Energy meters calculate the amount of energy used in units called kilowatt-hour (kWh). Traditional energy meter devices use small dials. These dials show a digit and that digit represents a number of the total amount of energy consumed. To properly read the value, it is useful to write down the digits just passed by the pointer of each dial from right to left. Starting from the right then, the first dial is the unity digit. The one to the left of it is the tens digit. Then, the next dials to the left are respectively the ones representing the hundreds and the thousands of the number being the current meter’s reading. In the example below, the reading of the energy meter is 7830 kWh.

 

 

 

 

It is important to start the reading from the right side to not miss out on any significant digits at the end of the total number value. Also, the dial which is the furthest one to the right is the one that causes the movement of all the other dials.
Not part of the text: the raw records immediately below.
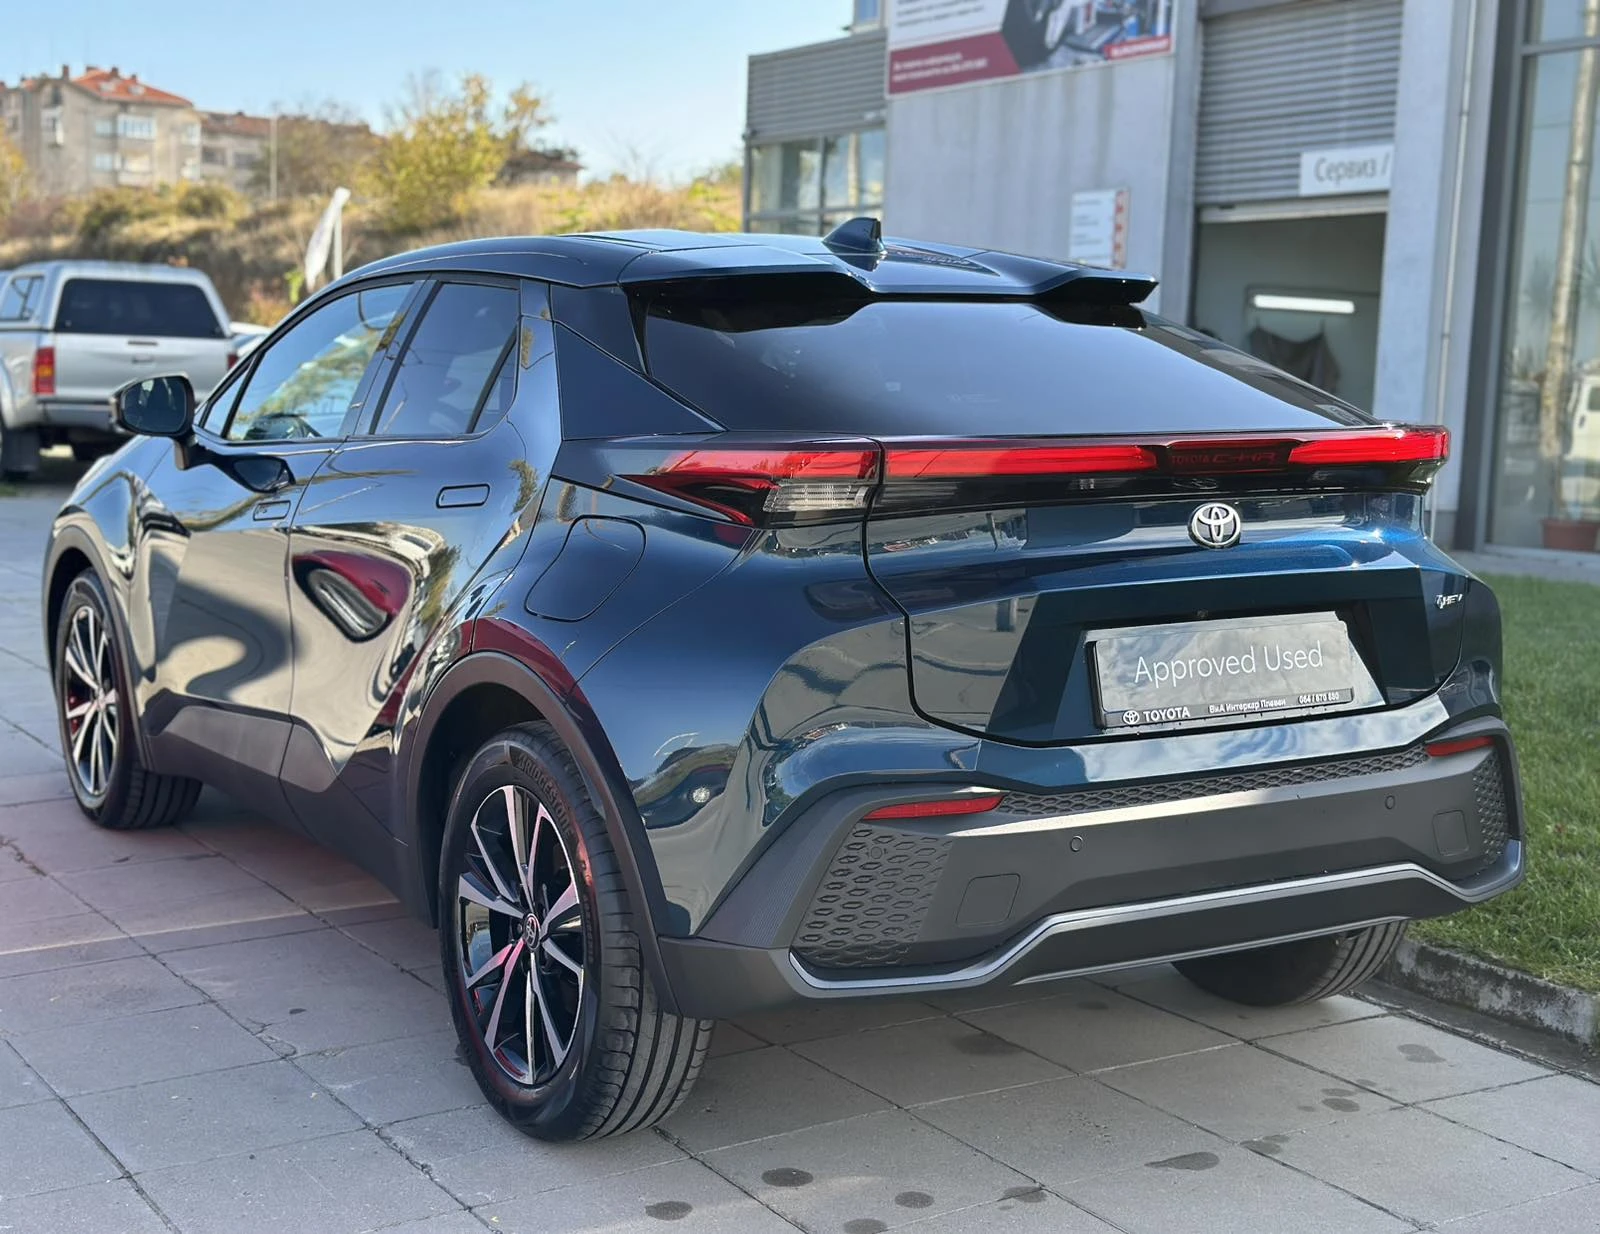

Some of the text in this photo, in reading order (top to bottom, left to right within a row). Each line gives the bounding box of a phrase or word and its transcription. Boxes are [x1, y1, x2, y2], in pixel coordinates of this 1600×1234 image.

[1313, 156, 1377, 186] Сервиз
[1134, 640, 1323, 688] Approved Used
[1143, 706, 1191, 723] TOYOTA
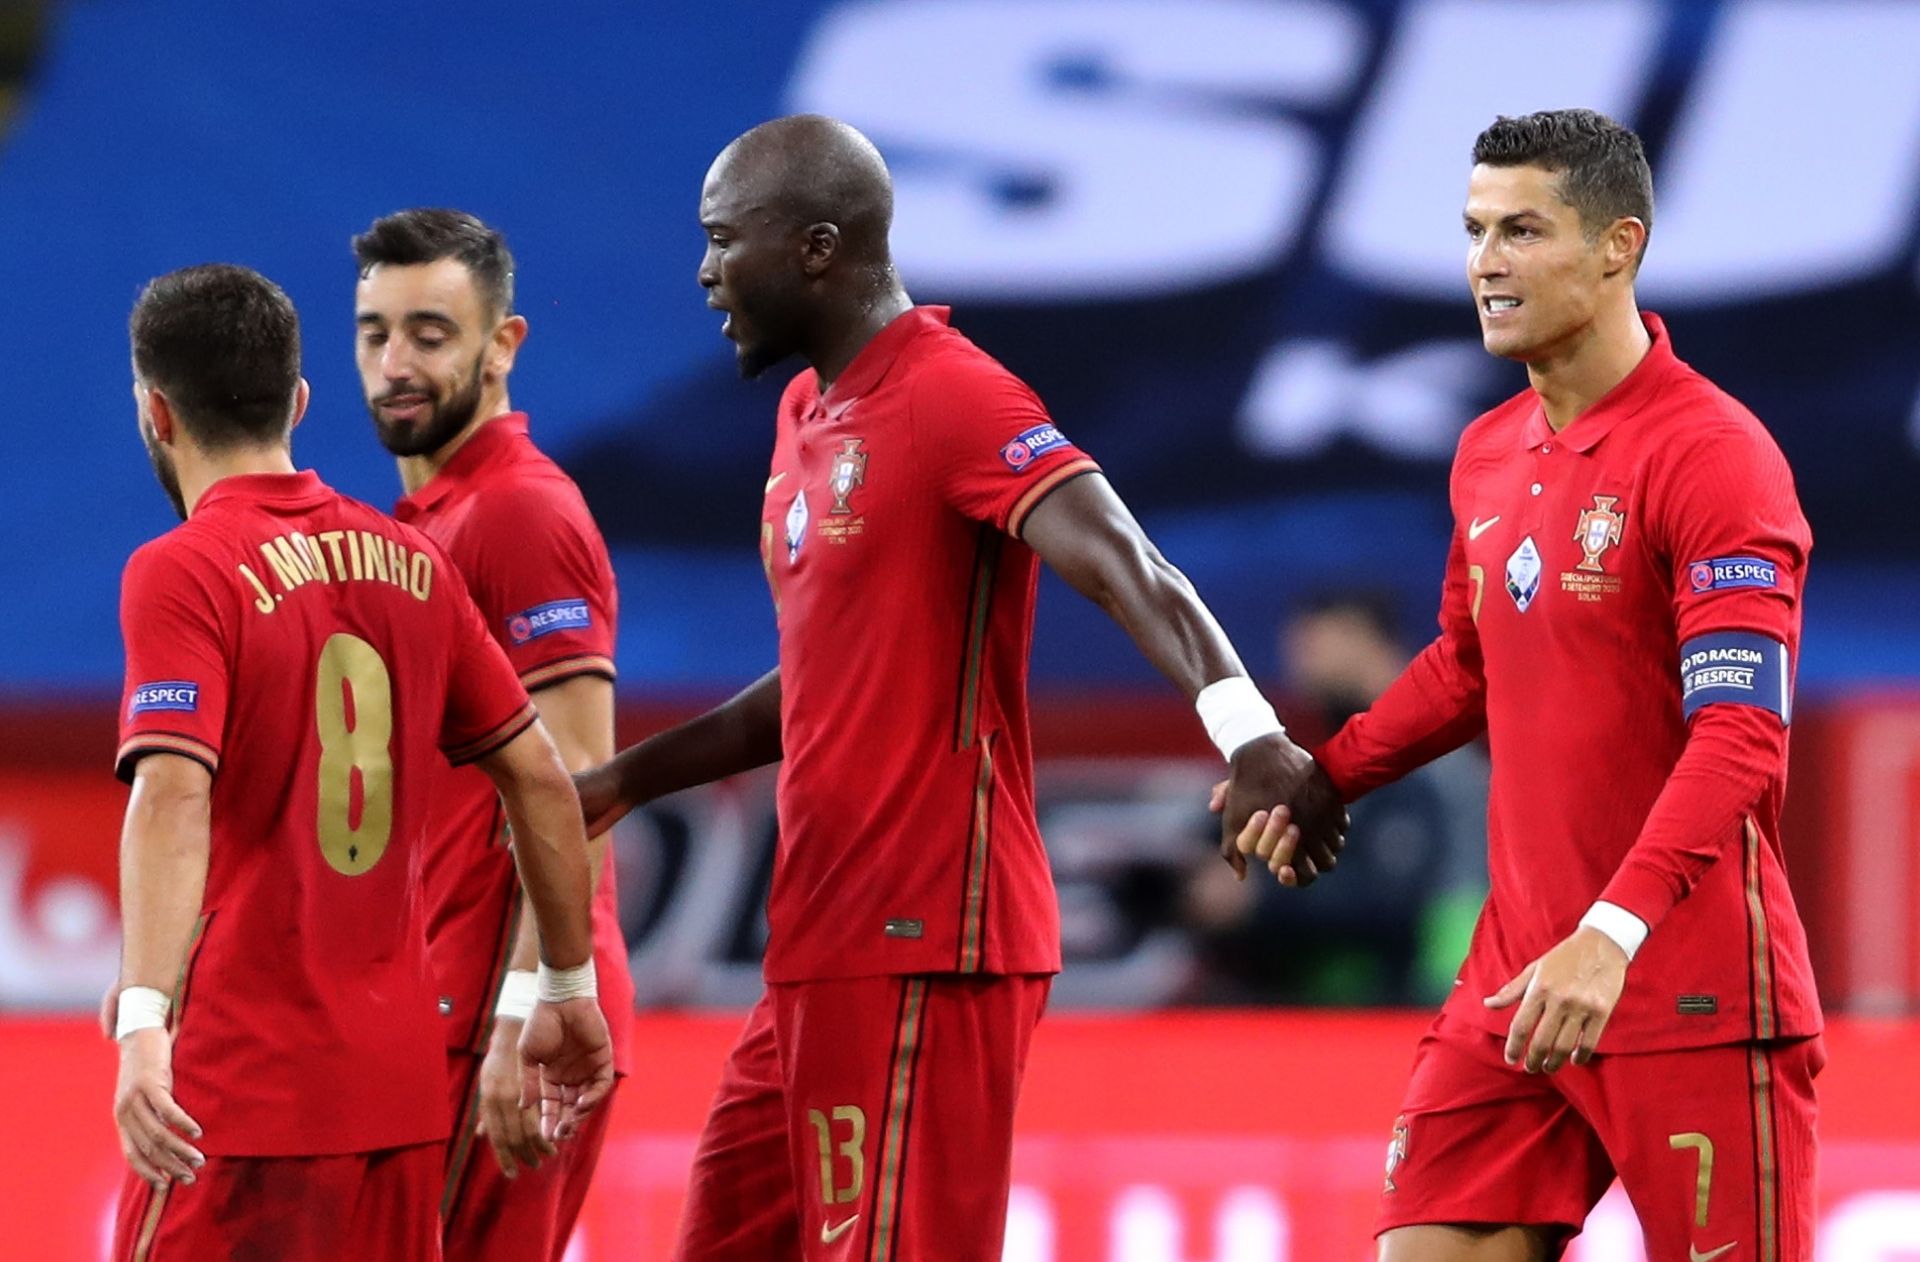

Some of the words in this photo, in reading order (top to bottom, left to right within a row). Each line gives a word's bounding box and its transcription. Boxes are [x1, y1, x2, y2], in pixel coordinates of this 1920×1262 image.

[1714, 564, 1775, 583] RESPECT
[529, 605, 588, 629] RESPECT
[1691, 651, 1708, 667] TO
[1709, 648, 1763, 664] RACISM
[1694, 669, 1754, 687] RESPECT
[316, 633, 393, 876] 8
[808, 1104, 866, 1205] 13
[1668, 1132, 1714, 1228] 7
When it makes a full rotation, then the one to the left of it moves from 0 to 1. When that one makes a full revolution as the effect of the furthest one to the right moving, it effectively makes the third one from the right to move as well. This process continues all the way to the dial on the left, being the last significant digit of the total energy meter’s reading.

Modern Devices

More modern energy meters with the digital display may require the value shown on it to be multiplied by a constant. In such a case, the value of the constant is shown on the device’s enclosure. The consumed energy amount is then the value on the energy meter’s screen (10.22) times the constant (40) which results in 408.8-kilowatt-hours.

Digital energy meters with just the display and without any additional constants or any complexity in their value reading are becoming more common. In the case of these meters, a customer is required only to read out the value shown on the screen from left to right ignoring the digits shown after the decimal point (usually indicated in red). An example of such a display is presented below. Its proper reading is 544-kilowatt hours.